*** Block opens ***
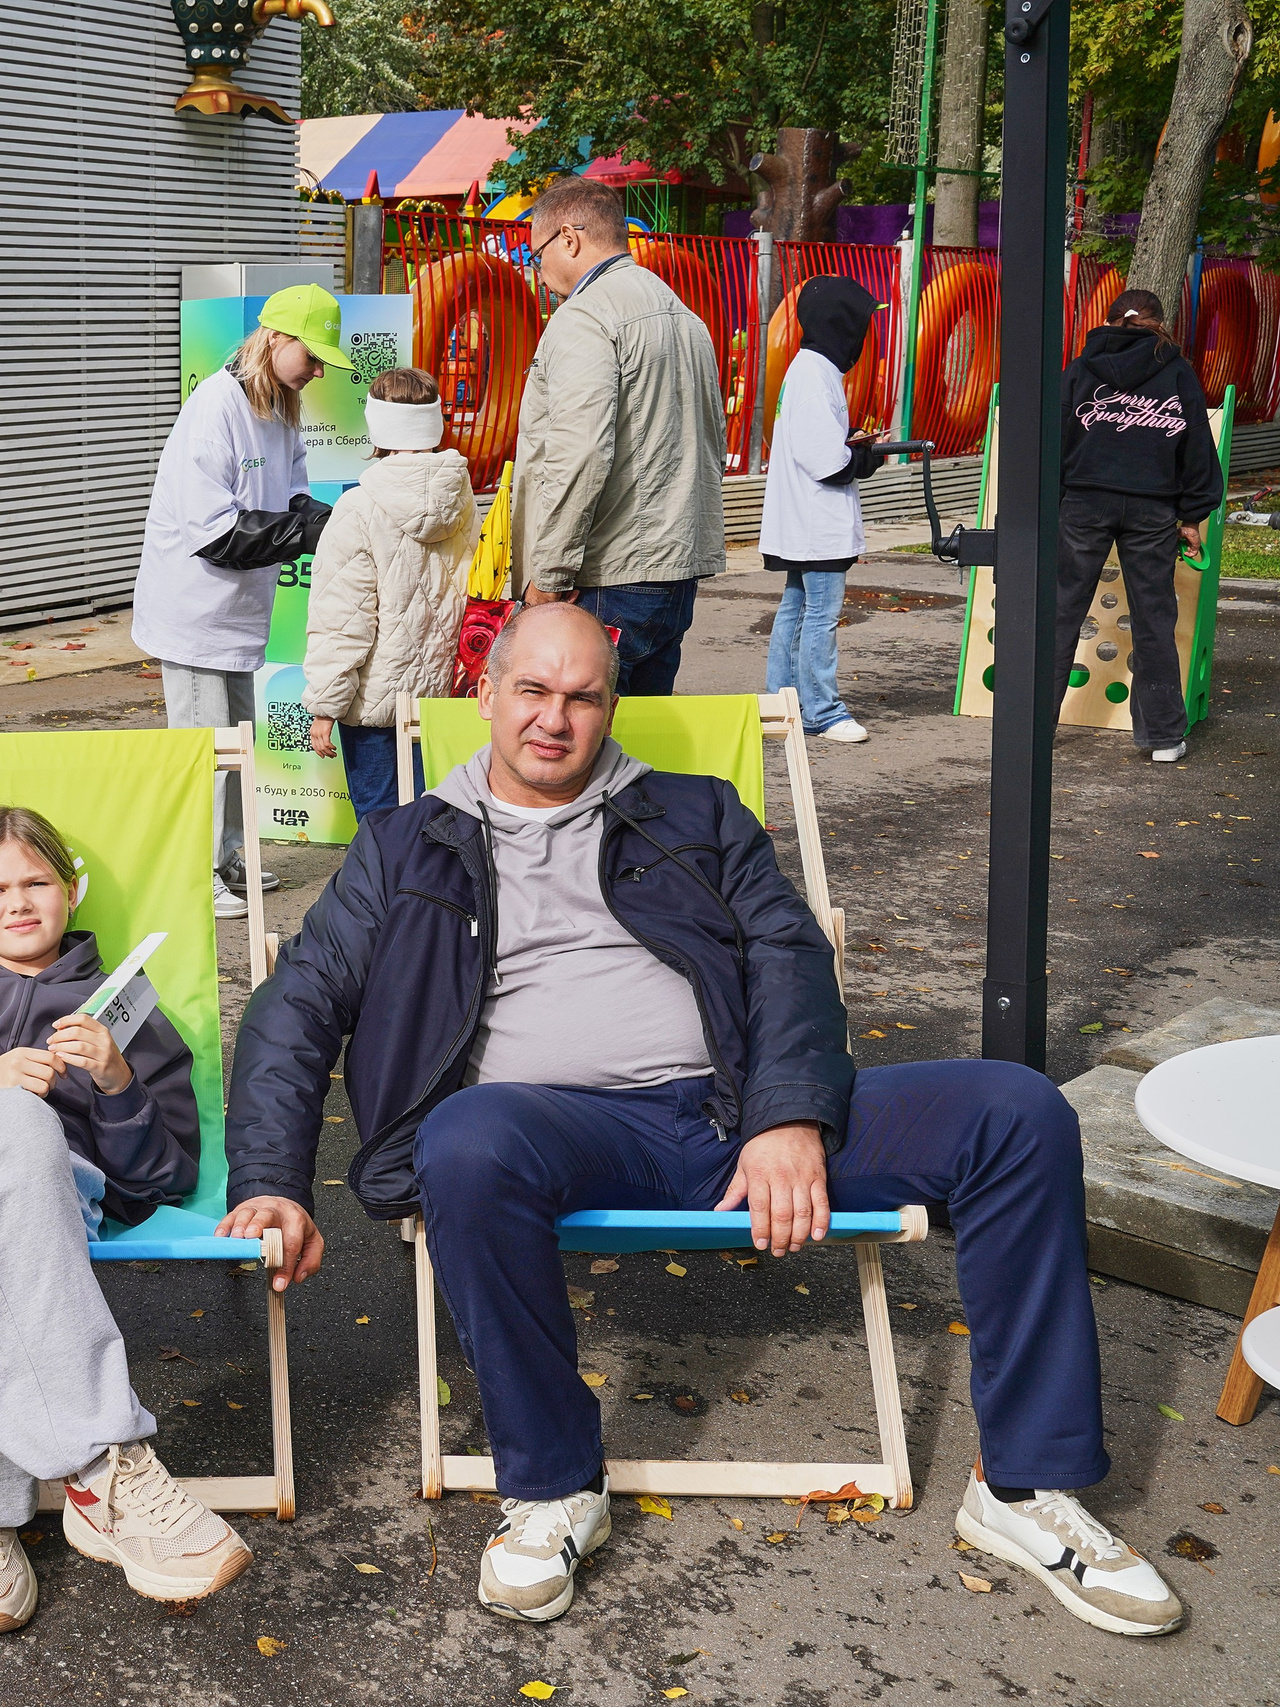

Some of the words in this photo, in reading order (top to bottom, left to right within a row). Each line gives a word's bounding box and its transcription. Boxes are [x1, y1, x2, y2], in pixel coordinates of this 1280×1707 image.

[1156, 395, 1184, 415] for
[1075, 401, 1187, 437] Everything
[300, 422, 336, 433] ывайся
[304, 438, 324, 448] ера
[335, 435, 372, 446] Сберба
[282, 763, 302, 771] Игра
[264, 785, 288, 797] буду
[300, 787, 326, 797] 2050
[328, 791, 352, 801] году
*** Block closes ***
Print out all the material above exactly as it appears, omitting the images.

Some of the words in this photo, in reading order (top to bottom, left to right within a row). Each line gives a word's bounding box and its transcription. Boxes are [x1, y1, x2, y2], in pixel coordinates of this 1280×1707 image.

[1156, 395, 1184, 415] for
[1075, 401, 1187, 437] Everything
[300, 422, 336, 433] ывайся
[304, 438, 324, 448] ера
[335, 435, 372, 446] Сберба
[282, 763, 302, 771] Игра
[264, 785, 288, 797] буду
[300, 787, 326, 797] 2050
[328, 791, 352, 801] году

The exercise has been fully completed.